CVE Vulnerabilities

CVE-2022-21699

Execution with Unnecessary Privileges

Published: Jan 19, 2022 | Modified: Nov 07, 2023
CVSS 3.x
8.8
HIGH
Source:
NVD
CVSS:3.1/AV:L/AC:L/PR:L/UI:N/S:C/C:H/I:H/A:H
CVSS 2.x
4.6 MEDIUM
AV:L/AC:L/Au:N/C:P/I:P/A:P
RedHat/V2
RedHat/V3
Ubuntu
MEDIUM

IPython (Interactive Python) is a command shell for interactive computing in multiple programming languages, originally developed for the Python programming language. Affected versions are subject to an arbitrary code execution vulnerability achieved by not properly managing cross user temporary files. This vulnerability allows one user to run code as another on the same machine.
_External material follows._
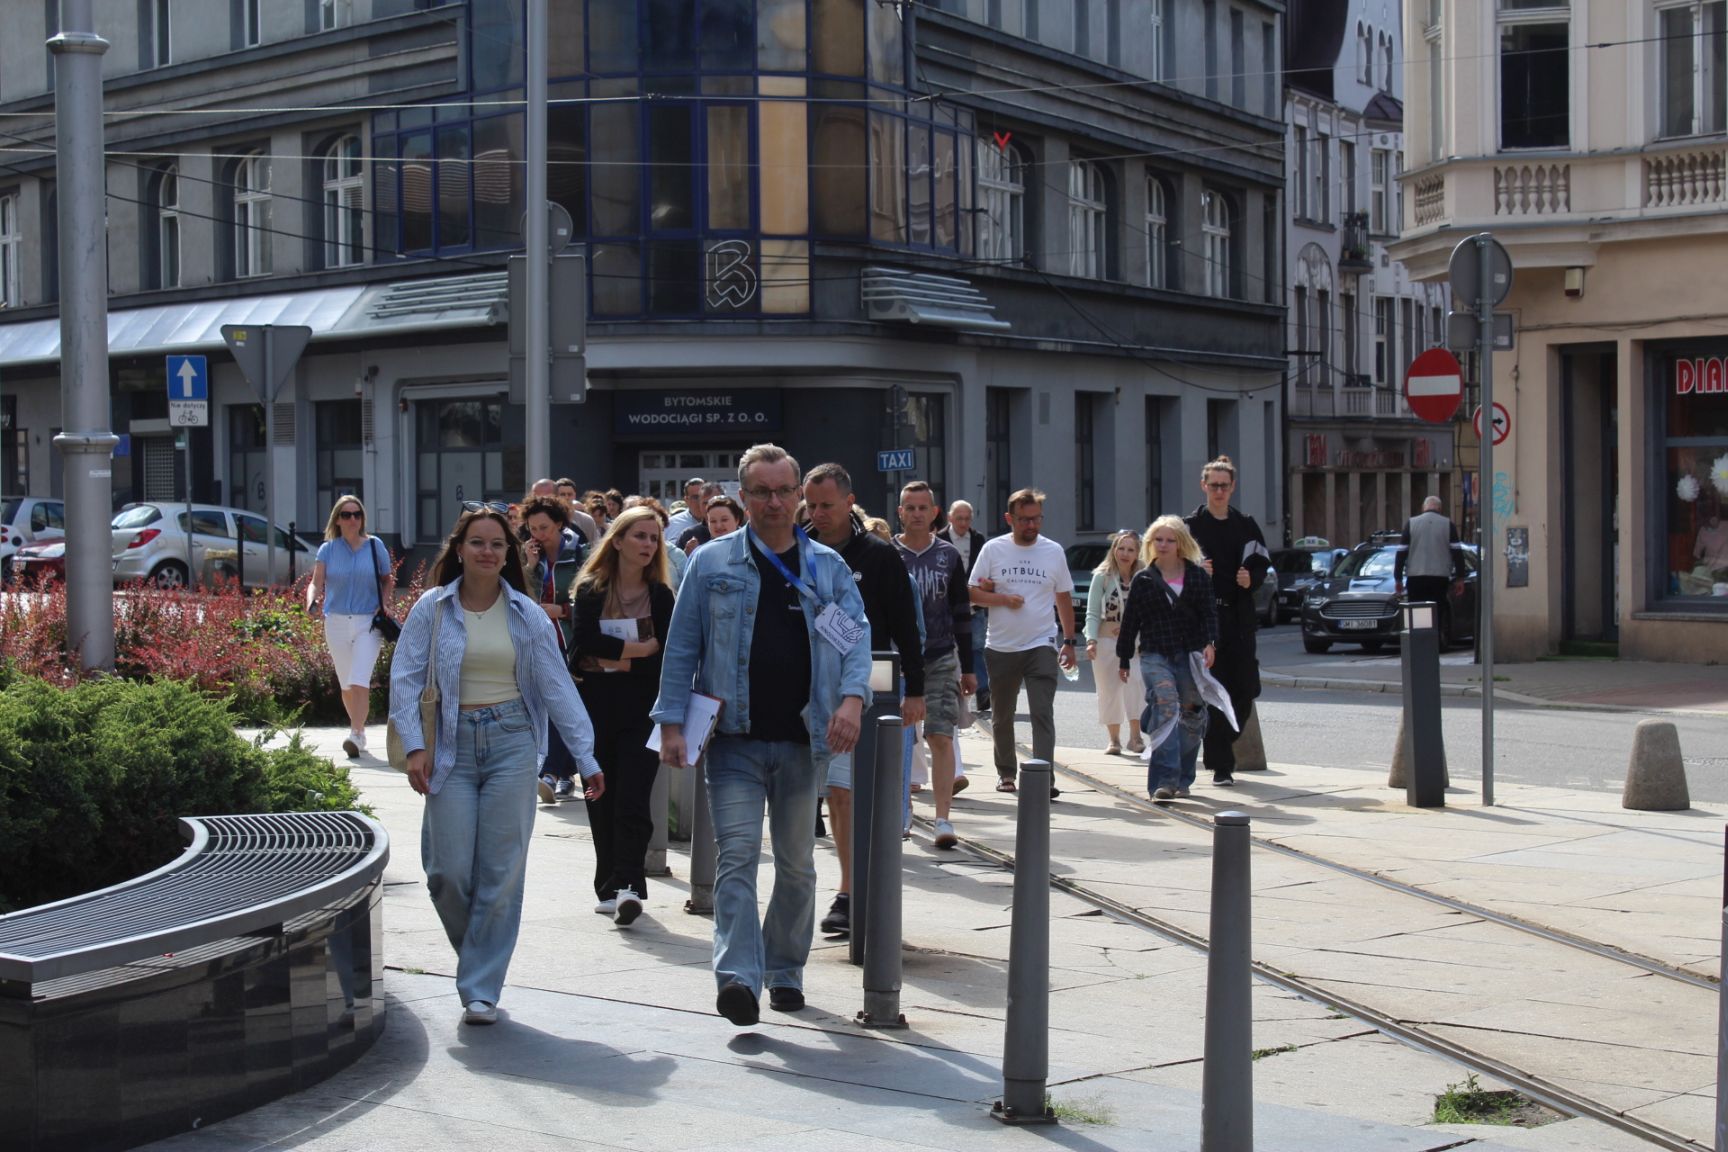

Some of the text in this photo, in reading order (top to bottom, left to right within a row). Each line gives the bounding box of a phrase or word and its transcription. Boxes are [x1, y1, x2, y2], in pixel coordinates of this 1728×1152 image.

All users are advised to upgrade.

Weakness

The product performs an operation at a privilege level that is higher than the minimum level required, which creates new weaknesses or amplifies the consequences of other weaknesses.

Affected Software

Name Vendor Start Version End Version
Ipython Ipython * 5.10.0 (including)
Ipython Ipython 6.0.0 (including) 7.16.3 (excluding)
Ipython Ipython 7.17.0 (including) 7.31.1 (excluding)
Ipython Ipython 8.0.0 (including) 8.0.1 (excluding)
Ipython Ubuntu bionic *
Ipython Ubuntu esm-apps/bionic *
Ipython Ubuntu esm-apps/focal *
Ipython Ubuntu esm-apps/xenial *
Ipython Ubuntu esm-infra-legacy/trusty *
Ipython Ubuntu focal *
Ipython Ubuntu hirsute *
Ipython Ubuntu impish *
Ipython Ubuntu trusty *
Ipython Ubuntu trusty/esm *
Ipython Ubuntu upstream *
Ipython Ubuntu xenial *

Extended Description

New weaknesses can be exposed because running with extra privileges, such as root or Administrator, can disable the normal security checks being performed by the operating system or surrounding environment. Other pre-existing weaknesses can turn into security vulnerabilities if they occur while operating at raised privileges. Privilege management functions can behave in some less-than-obvious ways, and they have different quirks on different platforms. These inconsistencies are particularly pronounced if you are transitioning from one non-root user to another. Signal handlers and spawned processes run at the privilege of the owning process, so if a process is running as root when a signal fires or a sub-process is executed, the signal handler or sub-process will operate with root privileges.